A male voice screamed on impact and I bolted out of my room, meeting my roomie in the hallway with the best weapon we own in the goddamn apartment: a fucking broom. While I’m not sure what he hoped to accomplish with that, at the time he seemed like a knight in shining armor. I hid behind him while we edged toward the living room.
It took extreme courage to flip the light on. We both half expected to be attacked as soon as an intruder saw the whites of our eyes. But, there wasn’t an intruder.
The balcony door and screen were open, and lying in the middle of the living room floor was Dog. A seam on his leg has split, sawdust scattered around him. While my roommate assessed the damage, I poked my head out the balcony door and took a look-see. It took a little help from my phone’s flashlight, but I could assess the damage as one broken branch on the dogwood tree beside our balcony and one grown-ass man sniffling on the sidewalk right beneath our third floor apartment. He’d attracted quite the audience of pajama-clad neighbors with his screaming and, after a quick phone call, the cops were in attendance as well.
He wasn’t anyone I knew and he wasn’t there to burgle anything. The police seemed to recognize him almost instantly, and I got a pretty stern warning to keep my balcony door locked because apparently the dude had been gunning for me for a while. He had a car parked around the block, and a nasty assortment of objects that spelled a bad time for me. They didn’t tell me much more than that, which I was fine with, but they did ask me one weird question before the left.
“What did you hit him with?”
I told them the truth: Nothing.

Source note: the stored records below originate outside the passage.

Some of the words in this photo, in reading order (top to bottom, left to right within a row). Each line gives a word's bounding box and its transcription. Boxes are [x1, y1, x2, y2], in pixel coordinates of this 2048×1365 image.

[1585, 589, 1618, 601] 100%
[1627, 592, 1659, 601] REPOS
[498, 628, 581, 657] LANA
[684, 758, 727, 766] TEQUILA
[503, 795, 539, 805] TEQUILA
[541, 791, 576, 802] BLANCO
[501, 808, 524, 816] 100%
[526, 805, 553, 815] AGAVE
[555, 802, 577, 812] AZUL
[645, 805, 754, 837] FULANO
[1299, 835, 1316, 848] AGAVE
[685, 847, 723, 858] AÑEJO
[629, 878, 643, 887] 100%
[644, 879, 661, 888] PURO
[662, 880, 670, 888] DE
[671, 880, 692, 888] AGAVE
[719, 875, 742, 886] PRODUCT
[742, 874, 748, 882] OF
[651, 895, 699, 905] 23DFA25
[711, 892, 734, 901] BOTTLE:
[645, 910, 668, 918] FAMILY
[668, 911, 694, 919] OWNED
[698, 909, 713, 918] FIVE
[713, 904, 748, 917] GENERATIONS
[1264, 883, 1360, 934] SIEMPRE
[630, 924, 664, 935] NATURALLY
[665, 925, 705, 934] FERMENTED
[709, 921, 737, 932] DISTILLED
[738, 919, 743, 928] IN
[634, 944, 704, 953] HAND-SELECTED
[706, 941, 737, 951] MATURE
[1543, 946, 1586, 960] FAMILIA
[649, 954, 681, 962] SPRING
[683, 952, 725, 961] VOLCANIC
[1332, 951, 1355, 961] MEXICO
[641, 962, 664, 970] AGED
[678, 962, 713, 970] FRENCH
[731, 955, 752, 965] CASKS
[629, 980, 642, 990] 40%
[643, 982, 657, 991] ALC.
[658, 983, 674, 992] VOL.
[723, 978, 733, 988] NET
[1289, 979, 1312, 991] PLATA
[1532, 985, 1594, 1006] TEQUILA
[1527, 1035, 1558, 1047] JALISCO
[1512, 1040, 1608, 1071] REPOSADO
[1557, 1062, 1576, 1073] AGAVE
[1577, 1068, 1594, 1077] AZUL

Which the officer found mighty suspicious because the guy’s hair was full of sawdust and he was adamant that I had thwacked him with a sock full of something. Right before my dog tried to attack him, apparently. A dog I technically don’t have.
I spent a lot of time patching Dog up after that--not so easy, given his age--and both my roomie and I sat around trying to figure out the how or the why of what happened or, more importantly, how long that dude had been creeping around inside of our apartment while we slept. After all, Dog always showed up whenever danger (however minor) was near. How many times had we woke up in the morning to find him sitting vigil on our headboards, nestled beside our heads, sitting at our doors? Honestly, I don’t want to think about it.

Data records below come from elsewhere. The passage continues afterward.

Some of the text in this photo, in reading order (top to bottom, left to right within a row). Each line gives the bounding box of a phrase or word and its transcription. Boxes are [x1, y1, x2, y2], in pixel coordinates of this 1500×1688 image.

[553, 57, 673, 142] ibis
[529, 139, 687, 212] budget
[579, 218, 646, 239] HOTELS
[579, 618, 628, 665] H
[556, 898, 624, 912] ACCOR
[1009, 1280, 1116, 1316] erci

Lately, he’s been pretty stationary, save when we forget to clean out the fridge or the cat knocks something over and breaks it. I’ve occasionally found him staring wide-eyed out the balcony door, which is unnerving, but I keep it locked up tight anymore and we’ve upgraded our home defense from “broom stuffed in a closet.”
I’m not too concerned. Maybe he’s just keeping watch, since rotten yogurt and broken glass seems to be the most he has to worry about anymore.